The Wall Street Journal ($) reported this morning. ABC also had the story, including Apple’s reaction:

Apple spokesman Steve Dowling said Monday the company wanted to operate a single store for all of Europe, but music labels and publishers said there were limits to the rights that could they could grant to Apple. “We don’t believe Apple did anything to violate EU law,” he said. “We will continue to work with the EU to resolve this matter.” The cost of buying a single song across the 27-nation bloc varies among the available iTunes stores in EU nations. For example, downloading a single in Britain costs $1.56, in Denmark $1.44, while in countries using the euro such as Germany and Belgium, a single costs $1.32.

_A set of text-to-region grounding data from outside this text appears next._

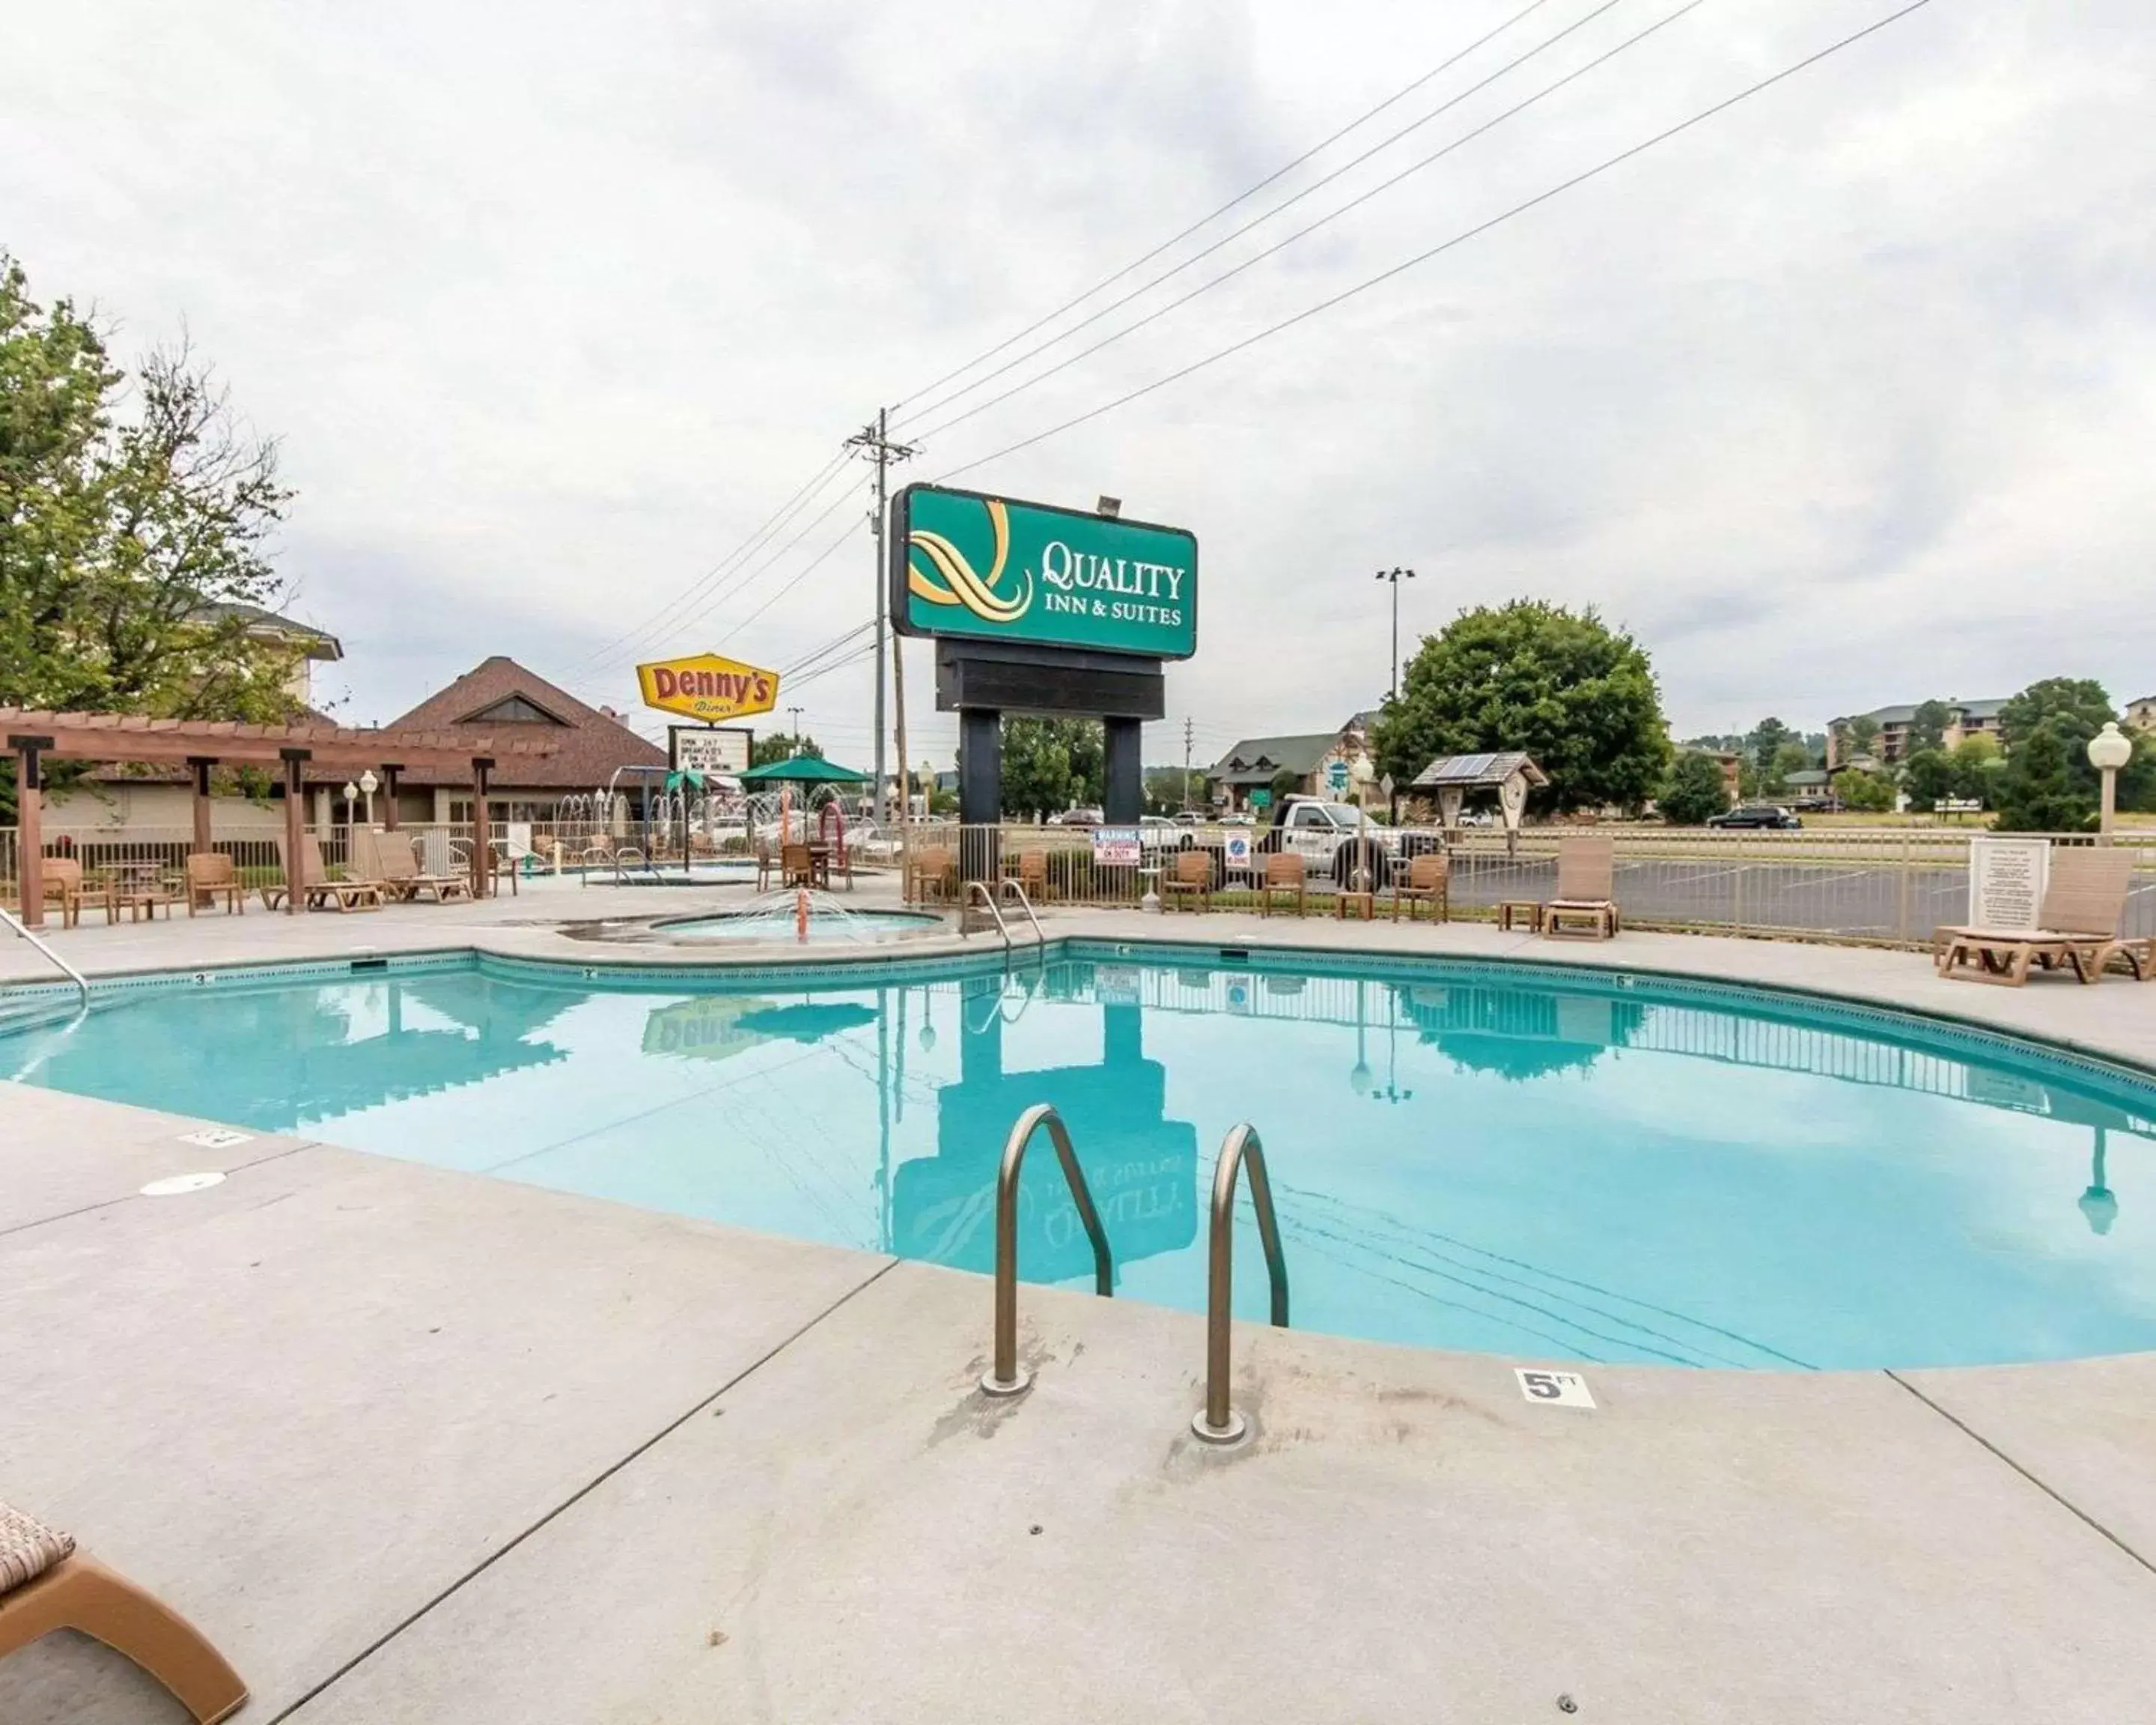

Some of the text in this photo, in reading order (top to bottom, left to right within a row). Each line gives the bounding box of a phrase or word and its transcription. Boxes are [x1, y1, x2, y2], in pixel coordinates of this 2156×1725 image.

[1042, 541, 1185, 600] QUALITY
[1045, 593, 1181, 626] INN & SUITES
[654, 668, 770, 704] Denny's
[1523, 1373, 1561, 1399] 5
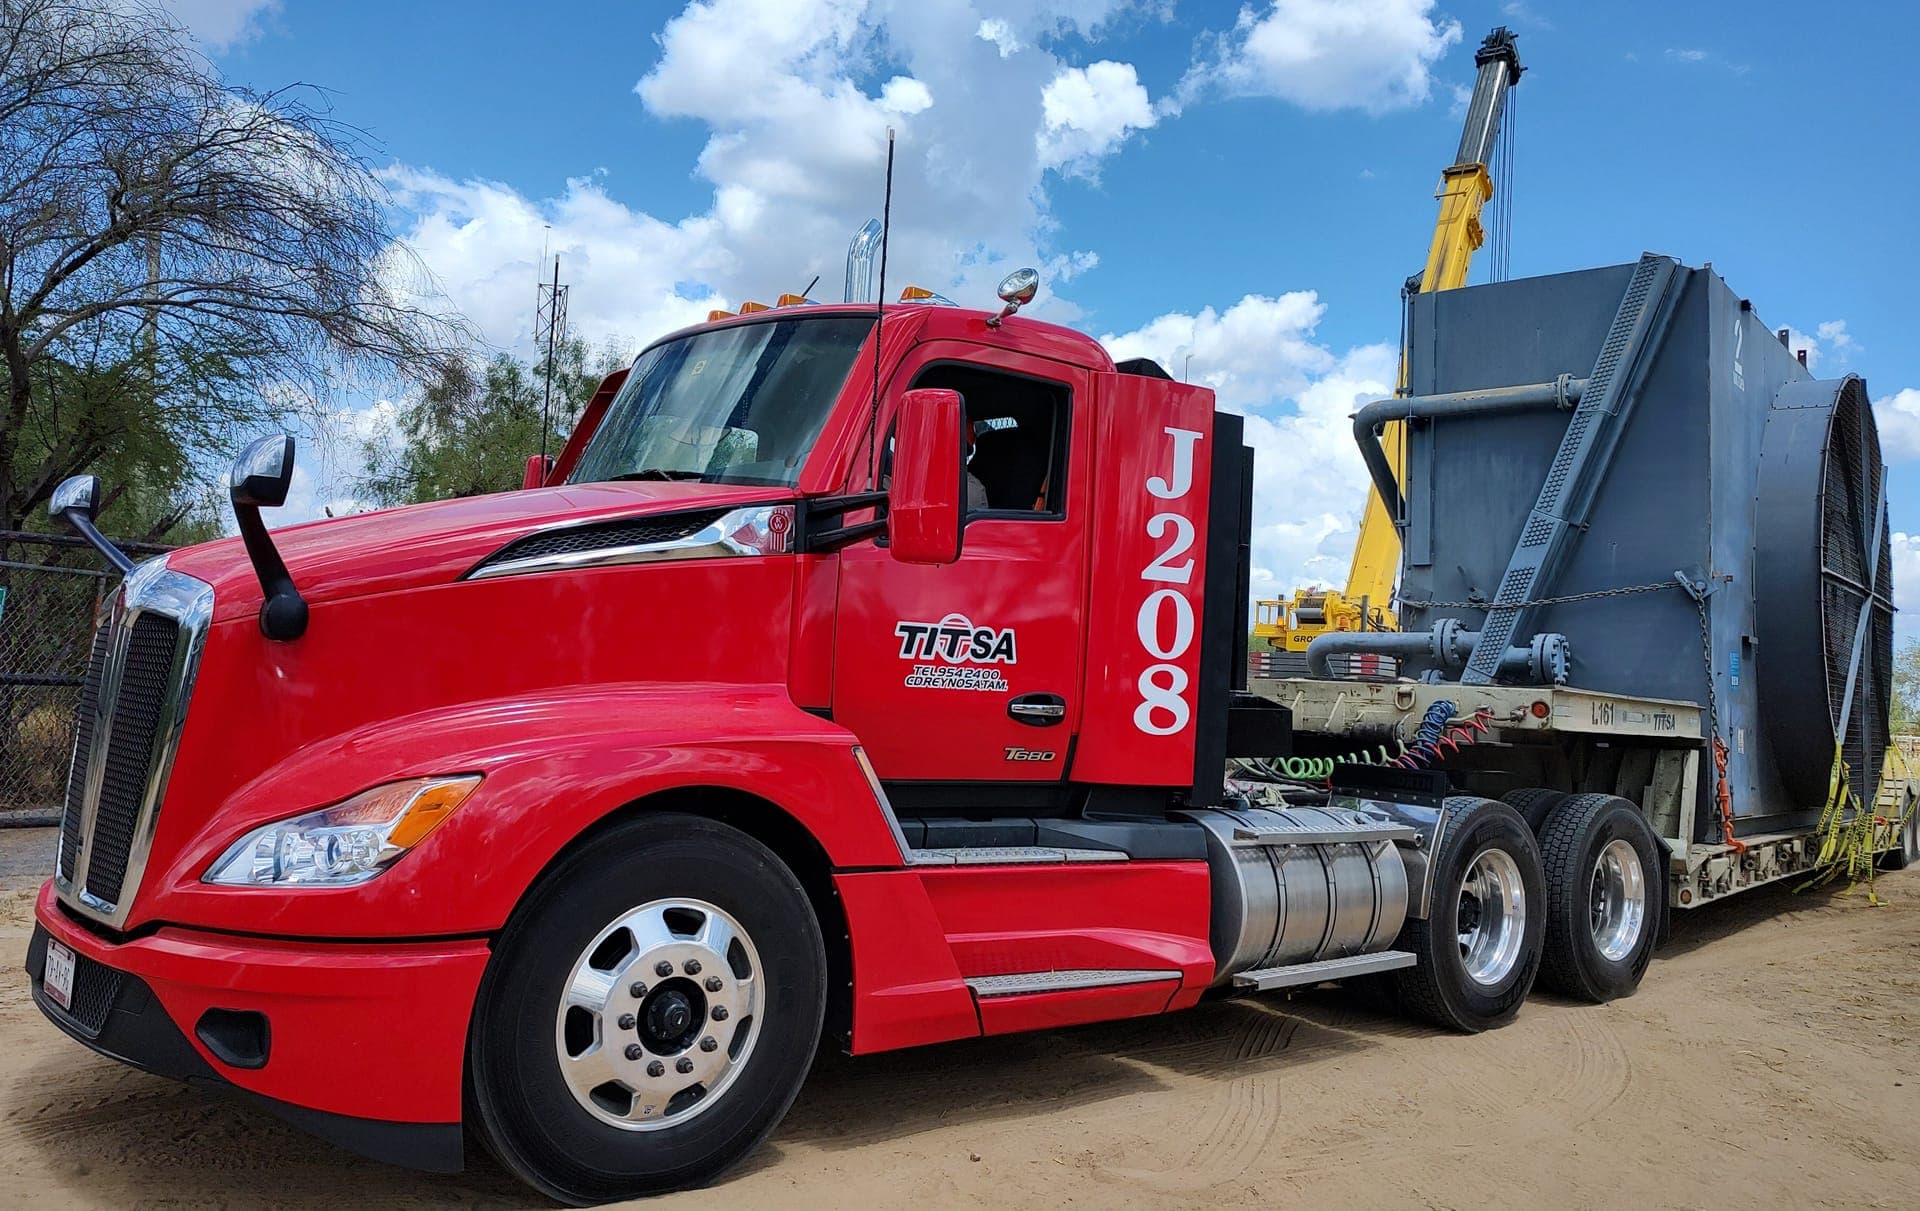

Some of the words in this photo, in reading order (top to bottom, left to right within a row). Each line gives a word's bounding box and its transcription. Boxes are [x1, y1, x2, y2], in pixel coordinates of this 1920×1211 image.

[1133, 426, 1204, 736] J208
[895, 619, 1016, 664] TITSA
[1293, 635, 1317, 643] GRO
[1591, 702, 1615, 726] L161
[1653, 713, 1676, 731] TITSA
[1005, 747, 1056, 761] T680

Oh, and in case you were wondering. The EU also said:

The Statement of Objections does not allege that Apple is in a dominant market position and is not about Apple’s use of its proprietary Digital Rights Management (DRM) to control usage rights for downloads from the iTunes on-line store.

Microsoft Yields to EU pressure?

Wednesday, March 21st, 2007

It seems that Microsoft is yielding to the EU Commission in the face of threatened fines, as the Redmond Developer News reports.

Microsoft is making key communications protocols available for license, so that third parties, including competitors, can link into the company’s newest enterprise products. Some are available immediately. … [T]o a large extent, Microsoft is bowing to the European Commission, which decreed the company must make the interfaces public so rivals can compete on what they claim will be a more level playing field. “The licensing is part of the settlement with the EU to interoperate,” said Rob Enderle, principal analyst for market researcher Enderle Group. However, if Microsoft officials were hoping the latest licensing steps will be enough to satisfy rivals and critics, that outcome is not in the cards, Enderle predicted.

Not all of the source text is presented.